• [Your task] Copy everything in the data below exactly except the pictures.
═══
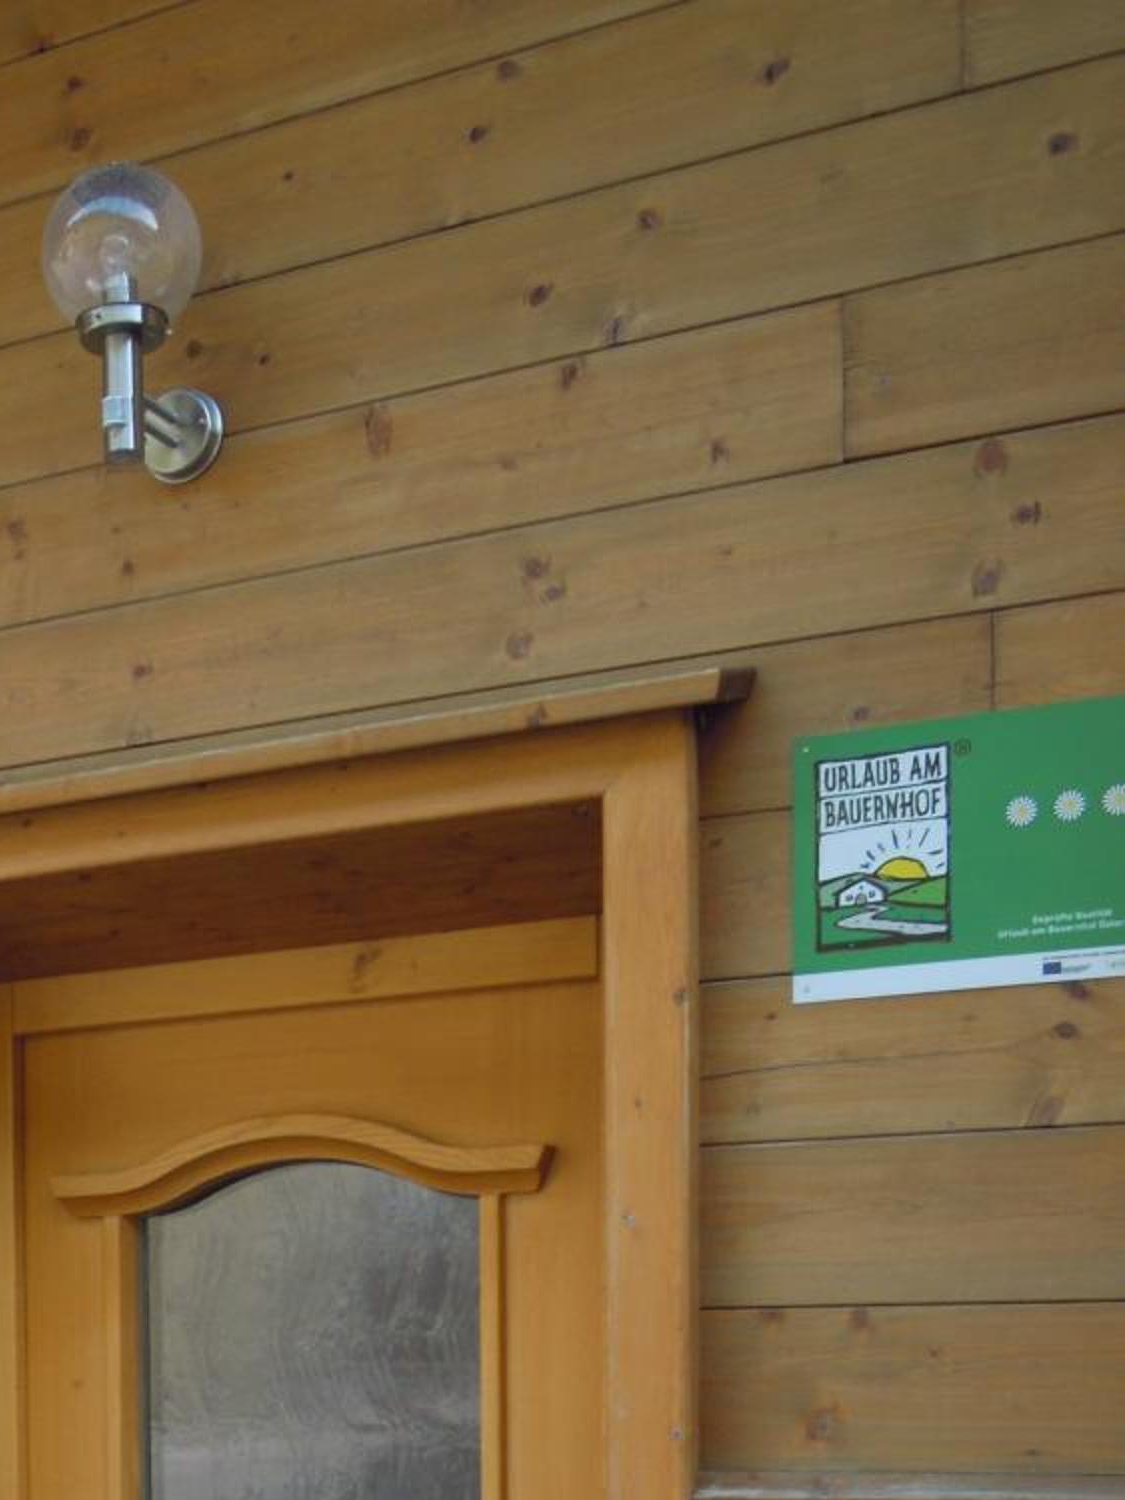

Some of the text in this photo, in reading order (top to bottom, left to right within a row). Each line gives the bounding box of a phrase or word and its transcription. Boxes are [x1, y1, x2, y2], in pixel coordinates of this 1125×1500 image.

[824, 751, 942, 792] URLAUB AM
[825, 787, 941, 827] BAUERNHOF
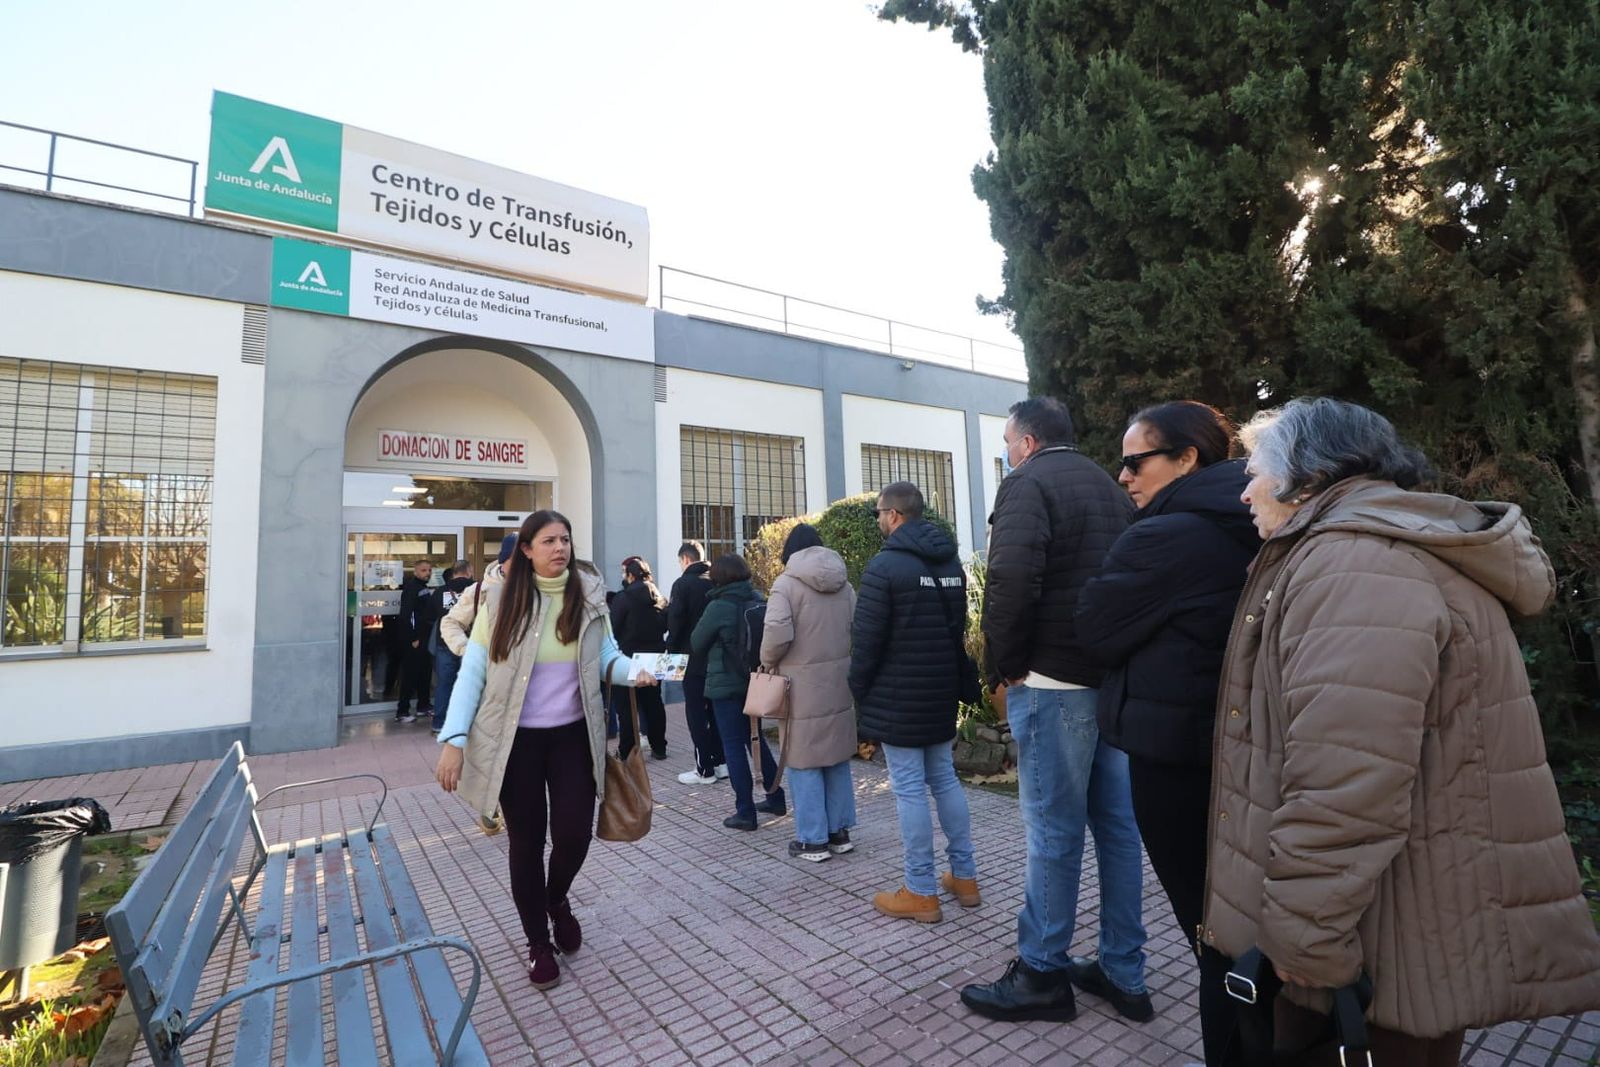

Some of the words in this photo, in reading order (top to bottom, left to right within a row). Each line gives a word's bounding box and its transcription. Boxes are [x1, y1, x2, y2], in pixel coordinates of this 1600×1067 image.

[215, 171, 252, 187] Junta
[254, 179, 271, 191] de
[272, 183, 333, 205] Andalucía
[370, 191, 462, 230] Tejidos
[469, 219, 482, 238] y
[489, 221, 571, 255] Células
[372, 164, 459, 201] Centro
[466, 188, 495, 210] de
[502, 195, 633, 249] Transfusión,
[280, 281, 299, 289] Junta
[310, 286, 343, 297] Andalucía
[374, 268, 426, 286] Servicio
[429, 278, 479, 295] Andaluz
[481, 287, 495, 298] de
[498, 290, 530, 305] Salud
[374, 282, 399, 295] Red
[402, 287, 460, 305] Andaluza
[463, 297, 478, 308] de
[480, 300, 531, 318] Medicina
[533, 310, 608, 332] Transfusional,
[374, 295, 421, 312] Tejidos
[424, 306, 431, 316] y
[434, 306, 479, 322] Células
[382, 434, 450, 459] DONACION
[455, 439, 472, 461] DE
[477, 440, 524, 464] SANGRE
═══
• [Answer box]
Some of the text in this photo, in reading order (top to bottom, left to right within a row). Each line gives the bounding box of a phrase or word and its transcription. Boxes are [x1, y1, x2, y2], in pixel coordinates of this 1125×1500 image.

[824, 751, 942, 792] URLAUB AM
[825, 787, 941, 827] BAUERNHOF

Some of the words in this photo, in reading order (top to bottom, left to right within a row). Each line gives a word's bounding box and its transcription. Boxes are [x1, y1, x2, y2], in pixel coordinates of this 1600×1067 image.

[215, 171, 252, 187] Junta
[254, 179, 271, 191] de
[272, 183, 333, 205] Andalucía
[370, 191, 462, 230] Tejidos
[469, 219, 482, 238] y
[489, 221, 571, 255] Células
[372, 164, 459, 201] Centro
[466, 188, 495, 210] de
[502, 195, 633, 249] Transfusión,
[280, 281, 299, 289] Junta
[310, 286, 343, 297] Andalucía
[374, 268, 426, 286] Servicio
[429, 278, 479, 295] Andaluz
[481, 287, 495, 298] de
[498, 290, 530, 305] Salud
[374, 282, 399, 295] Red
[402, 287, 460, 305] Andaluza
[463, 297, 478, 308] de
[480, 300, 531, 318] Medicina
[533, 310, 608, 332] Transfusional,
[374, 295, 421, 312] Tejidos
[424, 306, 431, 316] y
[434, 306, 479, 322] Células
[382, 434, 450, 459] DONACION
[455, 439, 472, 461] DE
[477, 440, 524, 464] SANGRE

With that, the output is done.